Even a “pro-choice” filmmaker recognizes overwhelming evidence of abortion breast cancer link that the mainstream media ignores

Pink ribbons, stickers, and merchandise have flooded schools and stores for October in honor of Breast Cancer Awareness Month.  The campaign is a time to raise awareness about this devastating disease that is estimated to affect about 1 in 8 women in the United States over the course of their lifetimes.  Cancer research foundations and advocacy organizations emphasize preventative life style changes and early detection to combat breast cancer.  One factor that is often ignored is the link between abortion and an increased risk for breast cancer.

Filmmaker Punam Kumar Gill considers herself “pro-choice” and advocates for abortion.  As such, Gill is an unlikely person to bring discussion about the link between abortion and breast cancer risk into the public spotlight.  Looking at the research and speaking to women who underwent abortion inspired Gill, although an unlikely spokesperson, to spread the truth in “Hush: the Documentary.”

The film, released last year, explores the link between abortion and breast cancer.  The film also explores how abortion is related to preterm birth and damaging psychological effects in women.  In order to conduct her research without being blinded by her own anti-Life bias, Gill teamed up with a Pro-Life executive producer, Drew Martin, and a producer neutral on abortion, Joses Martin.  The team set out to examine Pro-Life and anti-Life claims about the effects of abortion and find out what the research and data show.

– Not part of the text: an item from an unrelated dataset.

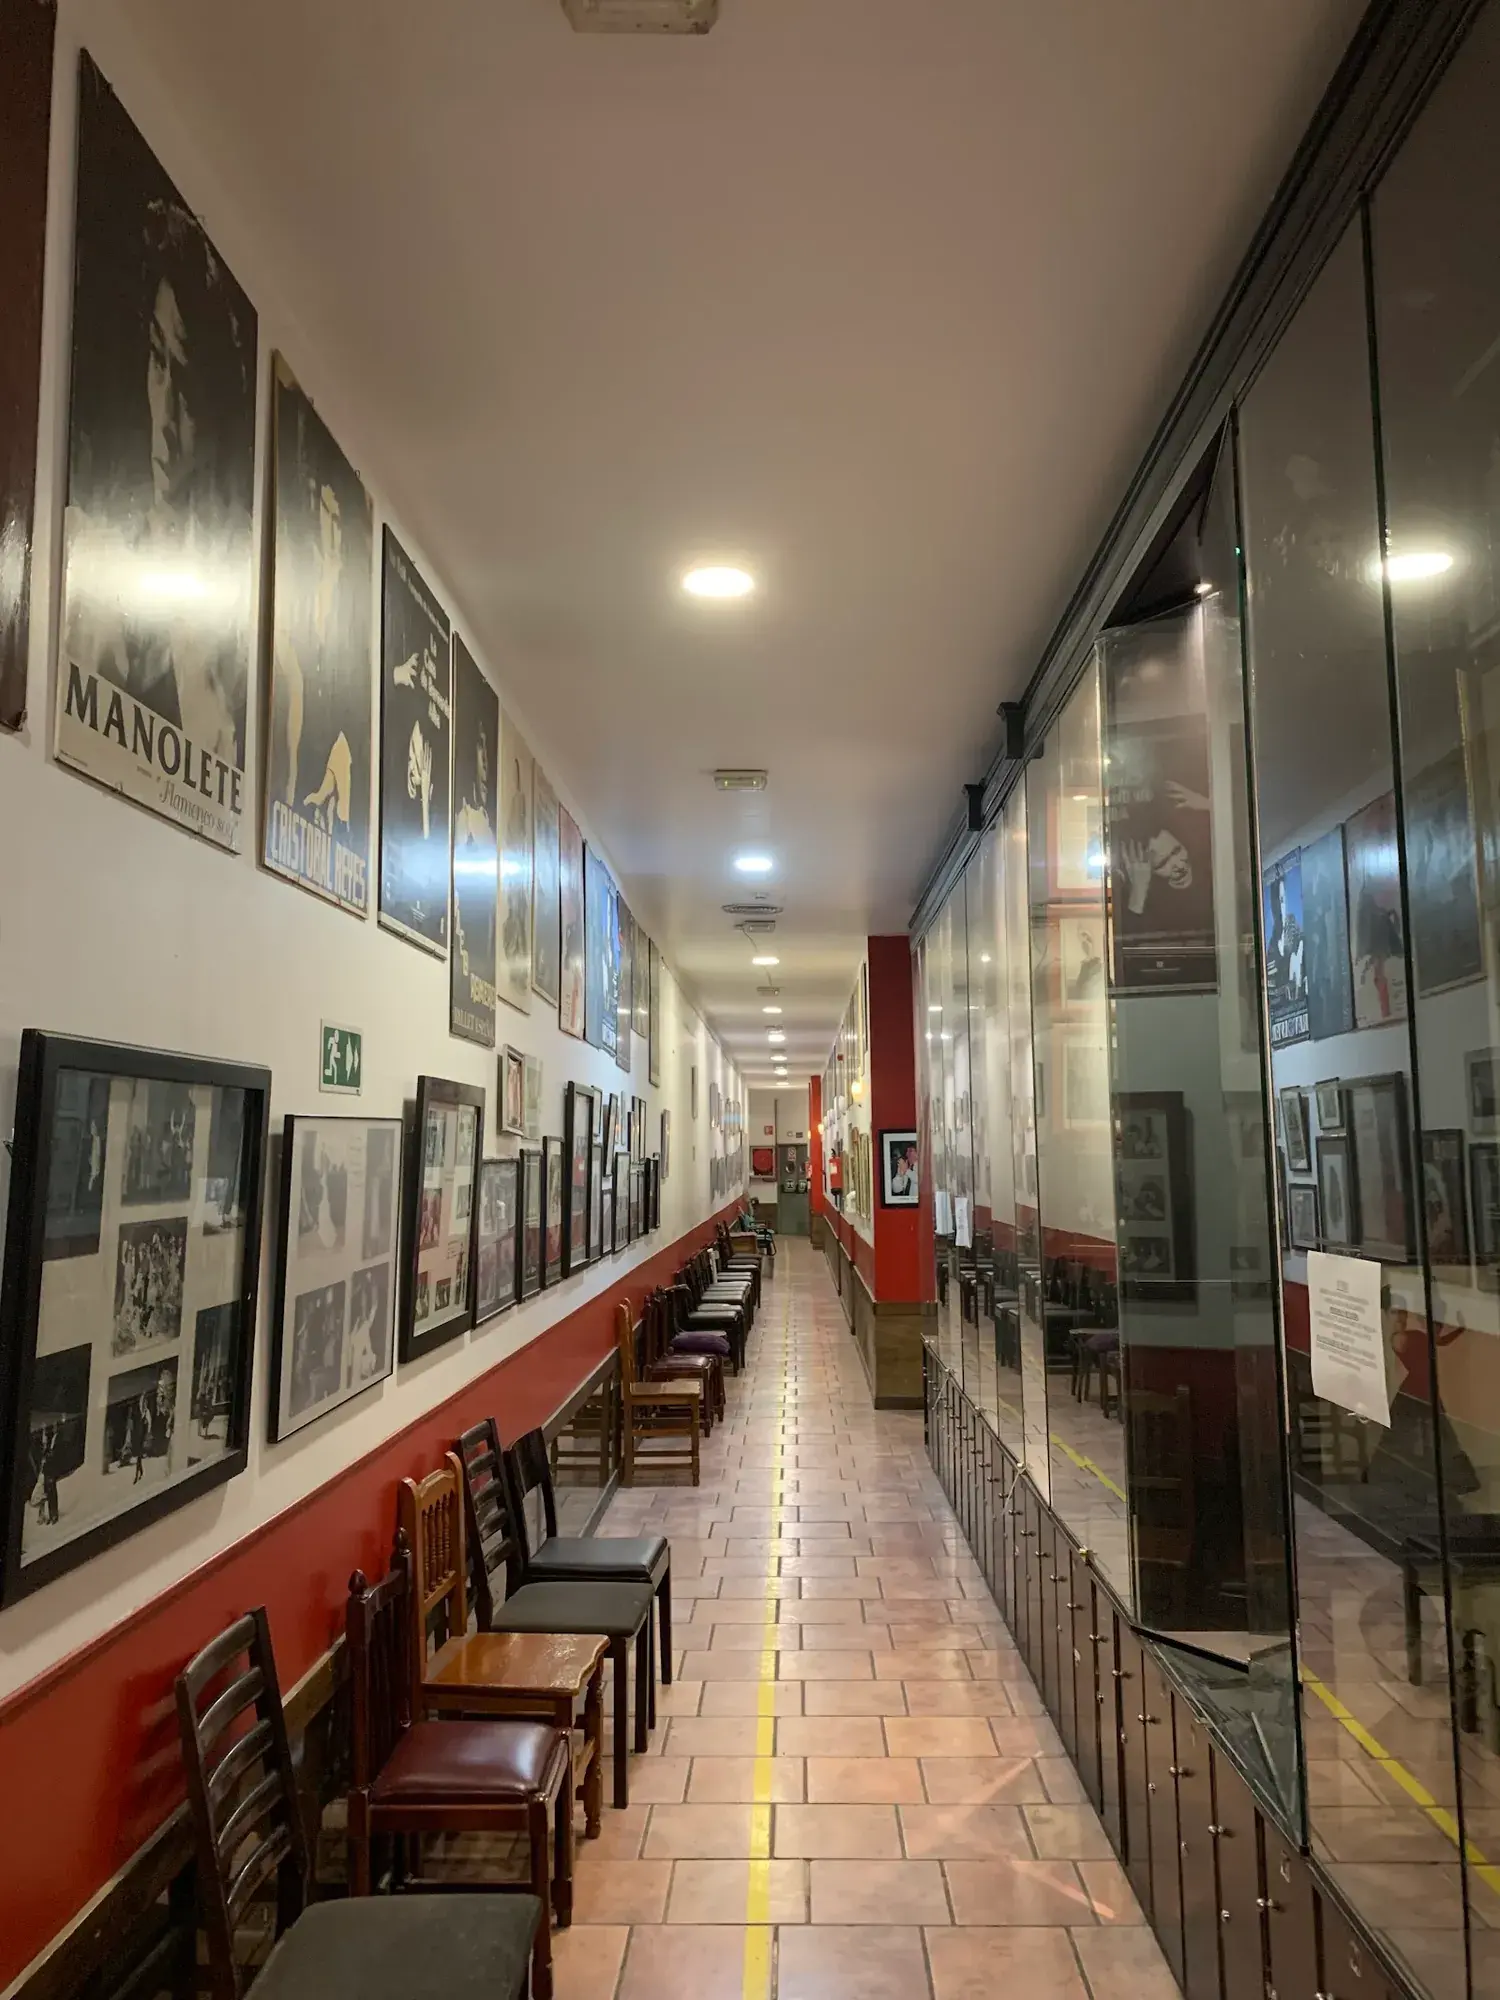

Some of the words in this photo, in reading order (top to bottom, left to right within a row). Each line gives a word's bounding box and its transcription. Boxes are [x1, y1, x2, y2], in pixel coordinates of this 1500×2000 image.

[64, 661, 242, 815] MANOLETE
[271, 799, 333, 891] CRISTOBAL
[334, 840, 367, 909] REYES

https://www.youtube.com/watch?v=r8h-TsG0AK4

What they found over the course of researching for the film is surprising, even to those familiar with the research.  Gill says, “Time after time we were denied interview by health organizations, researchers, abortion clinics, etc.  Tough to do a doc or a full investigation when no one wants to talk to you!”  She even claims she was escorted out of the National Cancer Institute because of her questions about the link between abortion and an increased risk of breast cancer.

Despite the many roadblocks to finding scientific discussion of the matter, Gill and her team were able to find experts willing to talk with them.  What they learned as they reviewed decades of cancer research and talked with experts across the political spectrum was alarming.  Gill, who is still anti-Life, will not say that abortion definitively poses a grave health risk to women (and she apparently ignores the obvious health risk to the preborn baby killed in abortion), but she says “to entirely deny the connection is ludicrous.”

Perhaps even more compelling than the scientific evidence is the suppression of that information to serve an anti-Life agenda.  The title of the film, “Hush,” points to the conspiracy of silence surrounding the effects on women’s health of elective abortion.  In a culture that embraced a woman’s “right” to end the Life of her preborn child, the mainstream media suppressed information that revealed the many negative effects of abortion.  As Gill states:

What I found most sickening…is that the media and health organizations have spent their energies closing the case and vilifying those who advocate in favor of the link instead of investigating any and all reasons why breast cancer rates among young women have increased and women are dying.